Cooper v. Cooper
| Decision Date | 03 March 1976 |
| Citation | Cooper v. Cooper, 331 So.2d 689, 57 Ala.App. 674 (Ala. Civ. App. 1976) |
| Parties | Doris H. COOPER v. L. Bancroft COOPER. Civ. 603. |
| Court | Alabama Court of Civil Appeals |
D. Coleman Yarbrough, Montgomery, for appellee.
Plaintiff filed an action against defendant seeking a divorce on the ground of incompatibility. The defendant answered by denying the allegation as to incompatibility and counterclaimed by asking for a divorce on the ground of adultery. The defendant requested indefinite periodic alimony payments, a division of property, custody of minor children, child support, medical and dental expenses for minor children, and necessary expenses for children in college.

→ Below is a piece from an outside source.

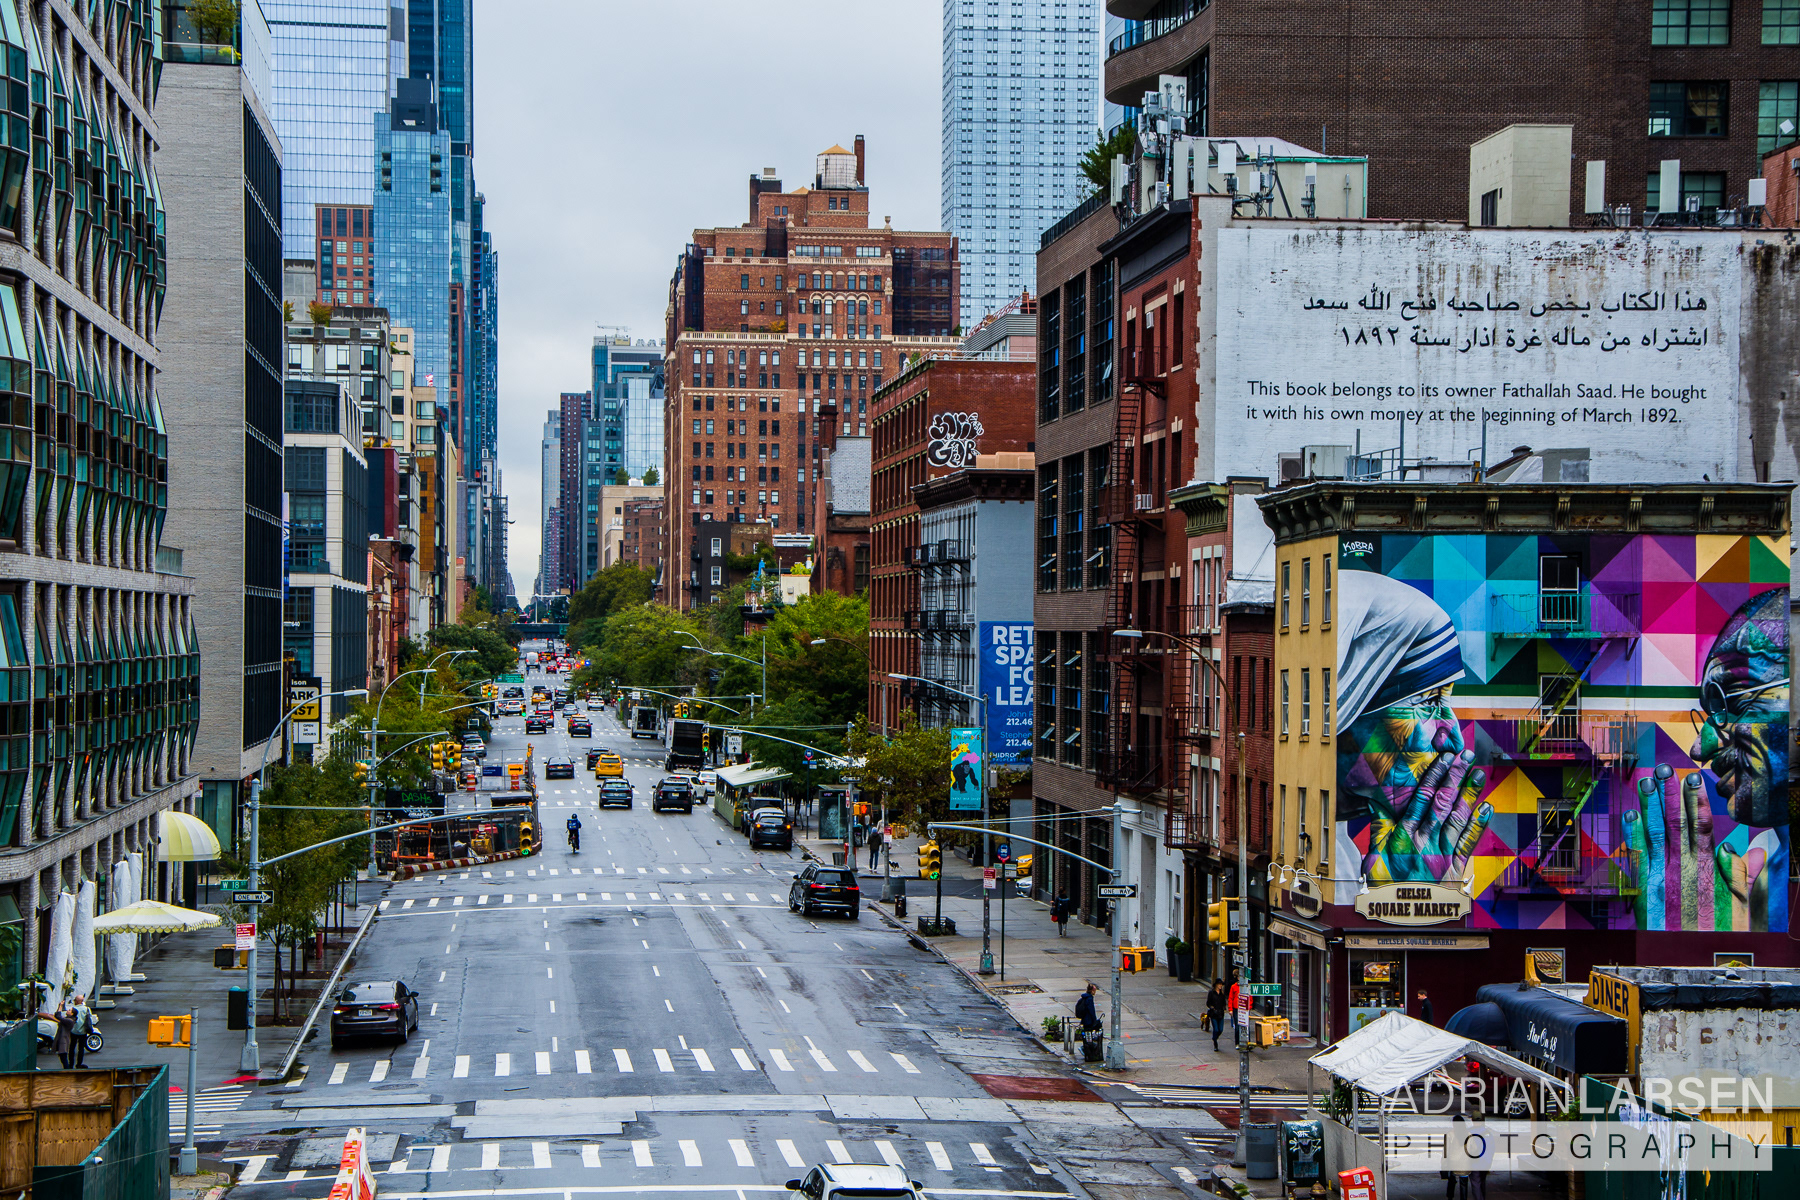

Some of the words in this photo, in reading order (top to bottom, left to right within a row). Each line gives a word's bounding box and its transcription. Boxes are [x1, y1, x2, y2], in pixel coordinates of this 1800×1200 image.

After a consideration of the pleadings and all the evidence submitted in the case, the court found that the plaintiff had proved that the parties were incompatible and that defendant had proved that plaintiff was guilty of adultery. In view of this state of the record, the trial court concluded that due to the doctrine of recrimination, both parties must be denied a divorce. The court then awarded the defendant separate maintenance, custody of the two minor children with reasonable visitation in plaintiff, child support, the use of the family dwelling and all household goods located therein. Plaintiff was also ordered to pay the taxes, insurance and mortgage payments on the family dwelling, plus $5,000 for repairs to it. He was also required to pay an attorney's fee in the amount of $4,500 to defendant's attorneys plus costs.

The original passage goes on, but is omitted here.